I see, 2 sites with mediocre results or 1 with twice as many. Basically one site that gets X hits a day or two sites that each get less than X/2 hits a day. In that case, I wonder what I might do with medexamtools.info. The odd thing is though, that the search engines already seem to treat the individual pages comprising medexamtools.com separately. In other words, if I search "dejerine reflex hammer" I won't get medexamtools.com in google, I get www.medexamtools.com/r6-page.htm. And if I search "troemner reflex hammer", I get 3 consecutive results, results 6, 7 and 8 on google, www.medexamtools.com/troemnernew.htm is 6, www.medexamtools.com/r8-page.htm is 7 and www.medexamtools.com/troemnerstreamlined.htm is 8. So it's more complicated than just one site getting webtraffic or 2 splitting it up, my 1 working website already has split results. I have also never seen medexamtools.info in search results.
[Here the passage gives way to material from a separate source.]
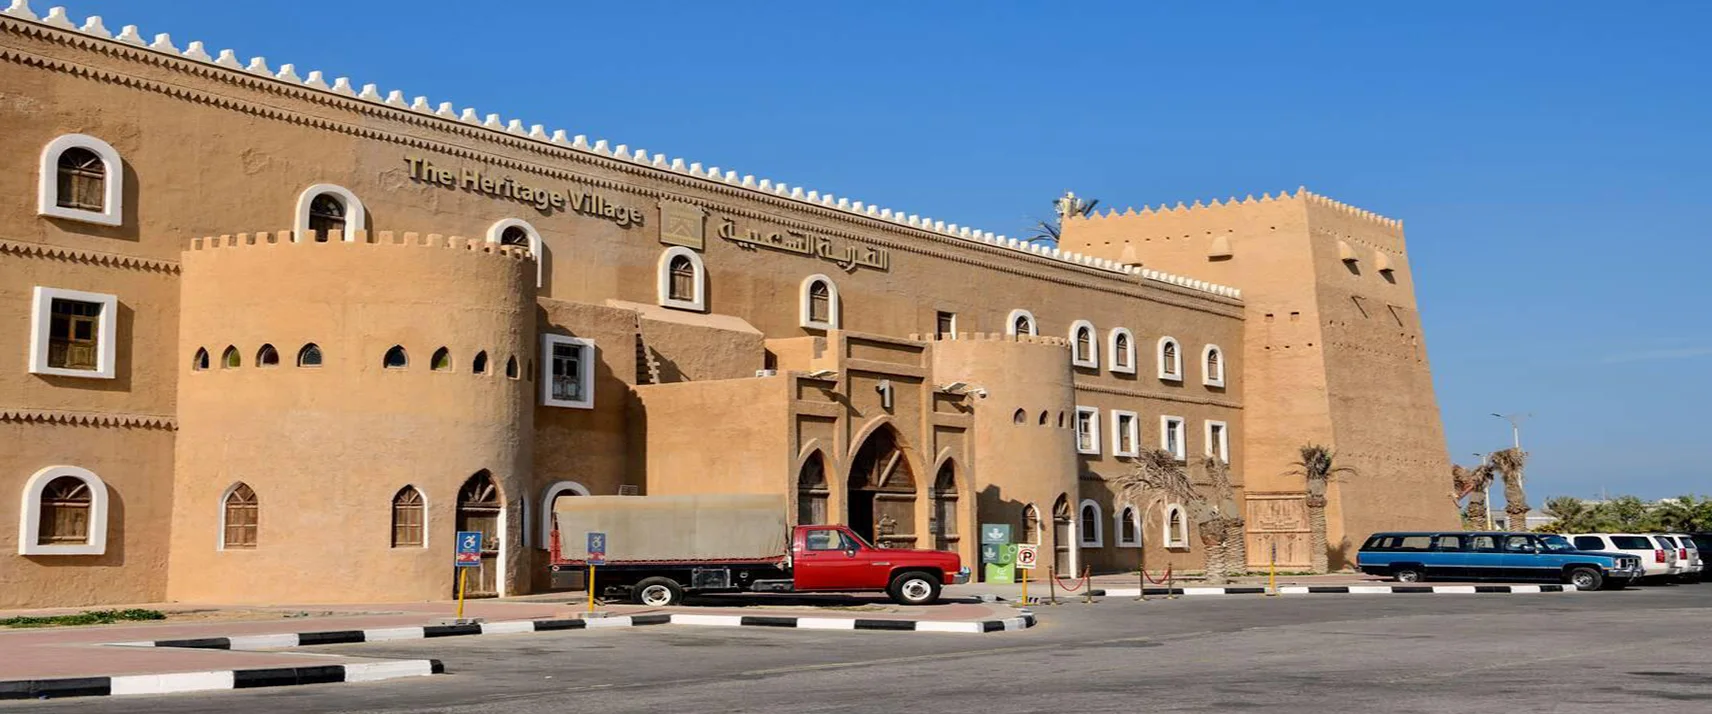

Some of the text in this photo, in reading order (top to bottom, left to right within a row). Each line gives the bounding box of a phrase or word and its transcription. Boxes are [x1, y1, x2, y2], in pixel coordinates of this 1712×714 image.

Obviously I understand your reasoning that it's better to get one website than 2 that do the exact same thing though. I wonder if I might put the electronics in medexamtools.info because it's a completely different category, after all old customers know about medexamtools.com. Or maybe just to have each one use different keywords. Though I'm not that good at it, and it would be a massive undertaking. Oh, my medexamtools.info is looking like such a doomed venture, I just wanted to test something to replace the frontpage site.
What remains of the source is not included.